The first step toward improving your wait times is to understand exactly why your patients have to wait. Your gut may tell you to simply hire extra front office staff, but that might not be your most effective option for shortening patient wait time (and it’s certainly not the most cost-effective choice, either). So, talk to your patients, whether that’s through open and honest conversations or anonymous patient surveys. Once you know where your practice falls short, you can make improvements in those areas.
2. Rethink the space.
The above-mentioned patient surveys are a great way to discover what your patients dislike most about their wait (other than the wait itself, of course). That front office water feature you installed to help patients relax? Yeah, they may secretly want to throw it through a window to make the bubbling just stop already (and now that you mention it, where’s the bathroom?). So, consider how temperature, sound, lighting, color, and even the comfort of your chairs impact the environment in your waiting room. Think about it this way: if you’re in for a long flight, you’d be a lot more comfortable in first class than you would be in coach, right? Your patients feel the same way about sitting in stiff, armless chairs with no padding; trade up for something a little cushier.
3. Acknowledge the wait.
Have you ever noticed that the drive to somewhere always seems longer than the drive back? Similarly, if your patients don’t know how long they have to wait—or why—then their wait will seem much longer than it really is. To avoid that, you’ll need to acknowledge the wait time in two ways. First, set expectations by informing patients of your average wait time when they schedule their appointments. Second, if the wait time is longer on the day of a patient’s appointment, you should apologize, explain what caused the delay, and keep the patient updated during the wait. Your time is valuable, but be sure your patients know their time is valuable, too.
4. Use an EMR.
Is your practice having trouble scheduling and managing patient appointments? Patients showing up late and throwing off your whole day’s schedule? That’s where an EMR can help. WebPT, for example, allows you to easily view and edit schedules for your patients, therapists, and treatment rooms. Plus, you can automatically send appointment reminders so patients show up on time.

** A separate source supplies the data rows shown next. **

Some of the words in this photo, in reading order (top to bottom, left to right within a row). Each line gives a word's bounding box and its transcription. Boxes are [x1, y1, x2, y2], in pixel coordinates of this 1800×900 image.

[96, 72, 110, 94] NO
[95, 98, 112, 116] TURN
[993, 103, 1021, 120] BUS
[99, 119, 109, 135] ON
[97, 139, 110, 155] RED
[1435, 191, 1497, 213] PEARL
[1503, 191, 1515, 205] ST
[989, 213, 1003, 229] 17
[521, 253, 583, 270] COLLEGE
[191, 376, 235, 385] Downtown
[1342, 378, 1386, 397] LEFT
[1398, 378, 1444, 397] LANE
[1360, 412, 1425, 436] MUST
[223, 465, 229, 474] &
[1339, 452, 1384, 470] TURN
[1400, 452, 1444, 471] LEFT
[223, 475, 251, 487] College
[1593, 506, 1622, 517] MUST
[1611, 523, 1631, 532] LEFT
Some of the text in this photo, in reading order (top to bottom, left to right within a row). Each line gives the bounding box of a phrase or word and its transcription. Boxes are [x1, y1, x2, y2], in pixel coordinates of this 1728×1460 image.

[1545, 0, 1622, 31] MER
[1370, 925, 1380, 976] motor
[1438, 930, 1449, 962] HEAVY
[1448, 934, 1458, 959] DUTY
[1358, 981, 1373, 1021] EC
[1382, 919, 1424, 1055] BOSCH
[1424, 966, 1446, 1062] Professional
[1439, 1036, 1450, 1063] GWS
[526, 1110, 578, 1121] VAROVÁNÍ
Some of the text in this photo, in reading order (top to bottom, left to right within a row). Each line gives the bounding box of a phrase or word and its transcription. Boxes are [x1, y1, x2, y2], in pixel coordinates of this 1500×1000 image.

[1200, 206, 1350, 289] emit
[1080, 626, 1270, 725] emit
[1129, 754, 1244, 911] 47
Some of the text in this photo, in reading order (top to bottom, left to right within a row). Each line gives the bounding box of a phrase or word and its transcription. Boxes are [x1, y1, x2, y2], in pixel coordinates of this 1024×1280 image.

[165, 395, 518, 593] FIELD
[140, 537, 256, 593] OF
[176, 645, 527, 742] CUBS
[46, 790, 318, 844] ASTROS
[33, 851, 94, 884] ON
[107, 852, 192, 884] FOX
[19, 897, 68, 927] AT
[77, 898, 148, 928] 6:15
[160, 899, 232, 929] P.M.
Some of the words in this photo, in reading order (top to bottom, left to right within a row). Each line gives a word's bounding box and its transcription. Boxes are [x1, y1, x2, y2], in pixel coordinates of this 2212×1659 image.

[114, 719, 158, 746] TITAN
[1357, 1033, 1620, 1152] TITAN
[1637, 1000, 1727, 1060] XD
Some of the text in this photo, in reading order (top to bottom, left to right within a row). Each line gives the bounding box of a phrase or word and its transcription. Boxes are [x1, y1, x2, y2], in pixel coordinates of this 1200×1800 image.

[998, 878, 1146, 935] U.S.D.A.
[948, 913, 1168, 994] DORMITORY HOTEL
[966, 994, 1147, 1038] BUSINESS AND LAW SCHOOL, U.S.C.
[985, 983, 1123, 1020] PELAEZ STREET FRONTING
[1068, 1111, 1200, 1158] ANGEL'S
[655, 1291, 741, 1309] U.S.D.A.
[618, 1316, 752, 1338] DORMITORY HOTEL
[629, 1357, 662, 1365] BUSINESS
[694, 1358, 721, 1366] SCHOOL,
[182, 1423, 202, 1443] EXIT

Of course, the best tip for improving the patient wait time is to keep it as short as possible. In fact, it’s possible to eliminate the waiting—and the waiting room itself—almost completely, like this practice did. But for the days when emergencies, flat tires, and bad traffic make staying on schedule an impossible task, strive to keep your patients comfortable and informed. The road to recovery for your patients can be grueling, but their wait time at your clinic shouldn’t be.